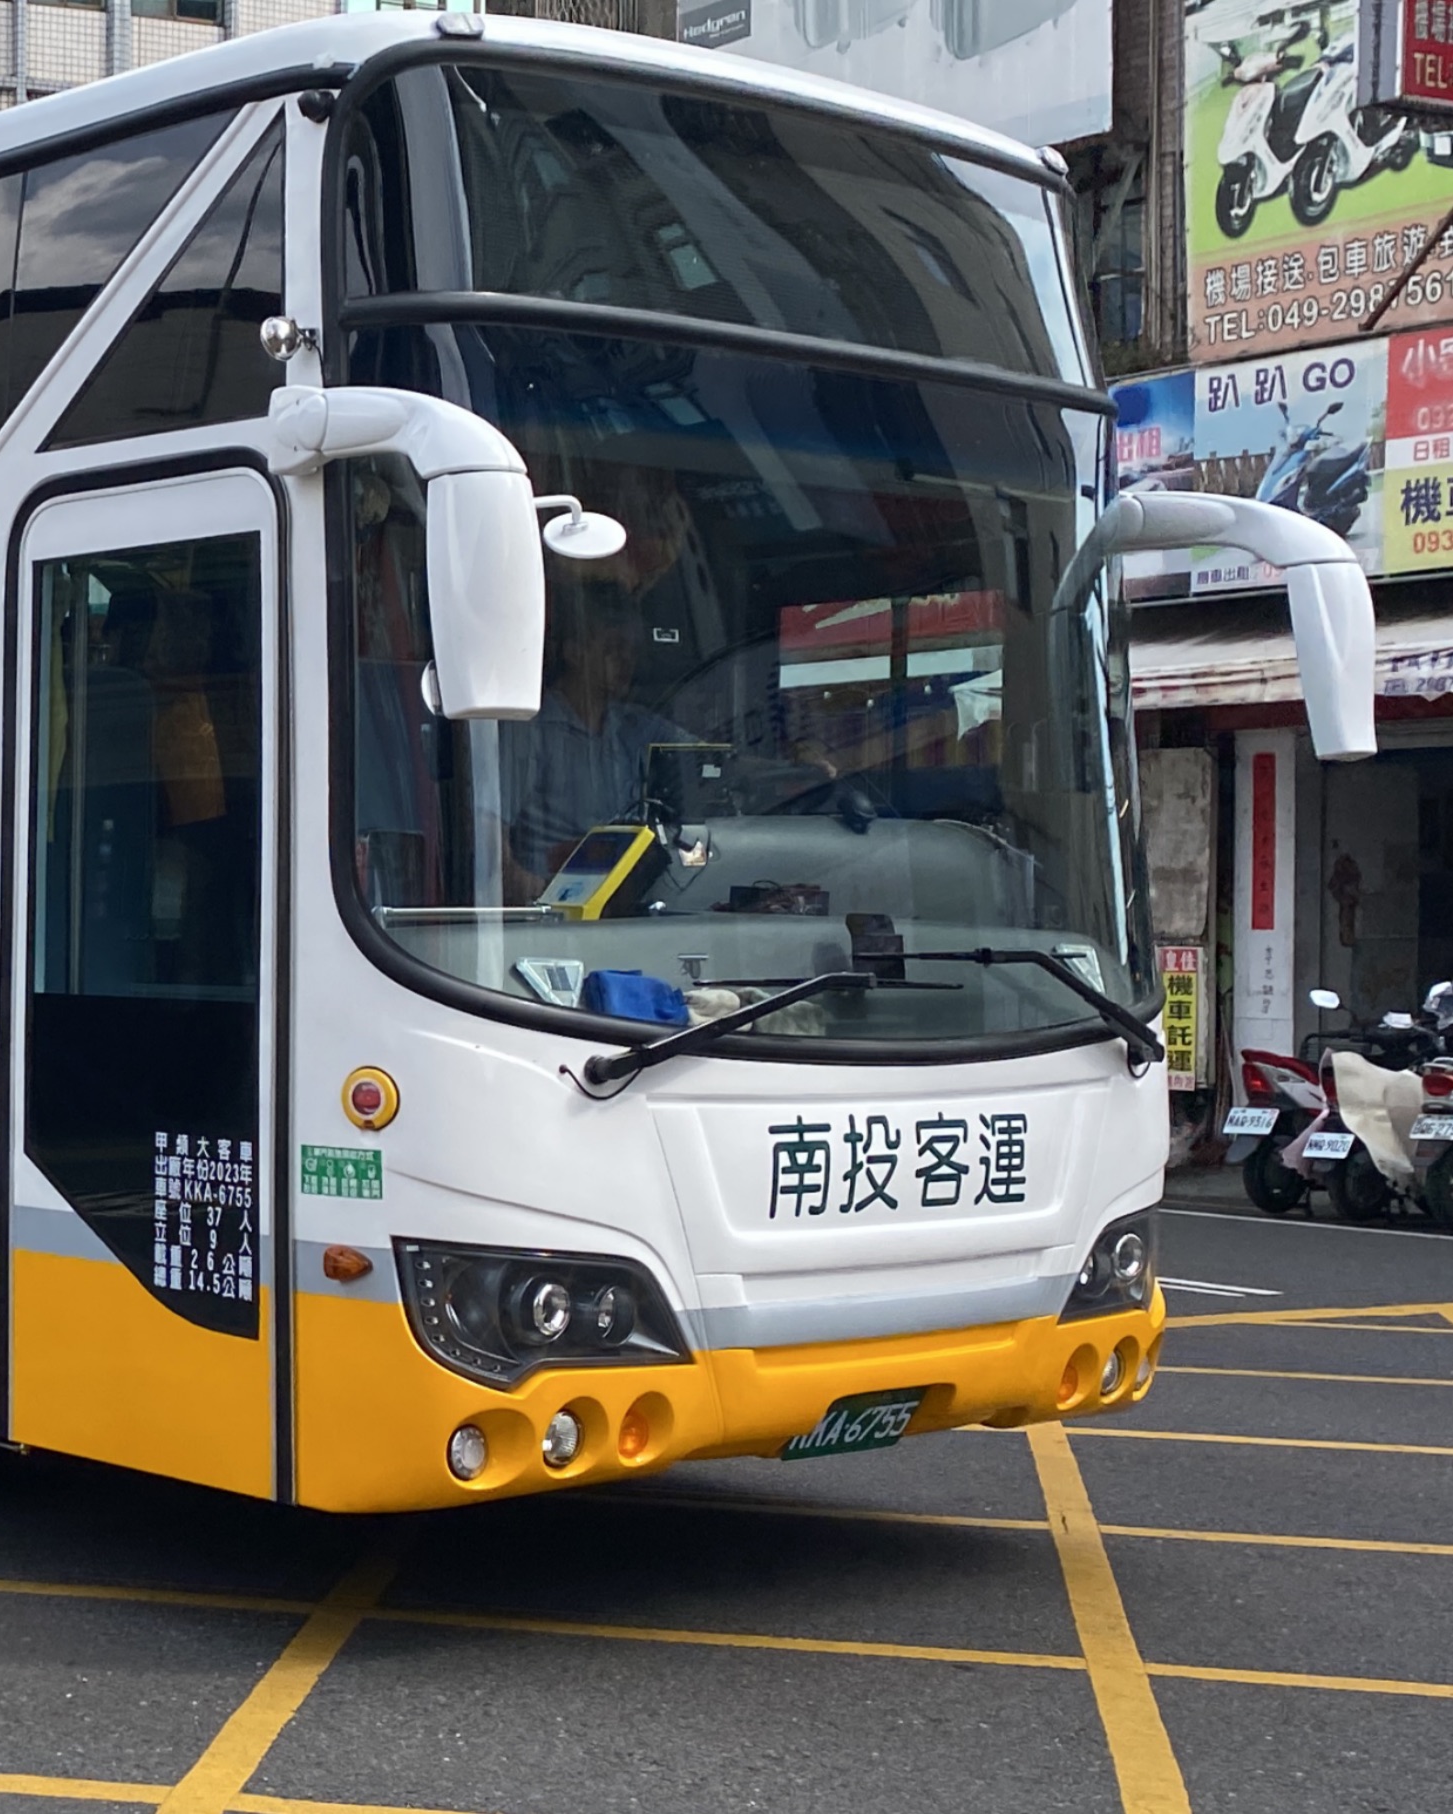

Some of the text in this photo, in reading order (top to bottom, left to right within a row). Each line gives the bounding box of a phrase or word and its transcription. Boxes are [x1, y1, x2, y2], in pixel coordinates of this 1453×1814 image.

[1302, 358, 1355, 392] GO
[1401, 476, 1453, 526] 機
[1167, 975, 1193, 1072] 機車託運
[768, 1112, 1027, 1218] 南投客運

------------

» **TASK DETAILS**
Exact repetition of all entries is required. The pictures should not appear.

» **SOLUTION FOR THIS TASK**
Some of the text in this photo, in reading order (top to bottom, left to right within a row). Each line gives the bounding box of a phrase or word and its transcription. Boxes are [x1, y1, x2, y2], in pixel coordinates of this 1453×1814 image.

[1302, 358, 1355, 392] GO
[1401, 476, 1453, 526] 機
[1167, 975, 1193, 1072] 機車託運
[768, 1112, 1027, 1218] 南投客運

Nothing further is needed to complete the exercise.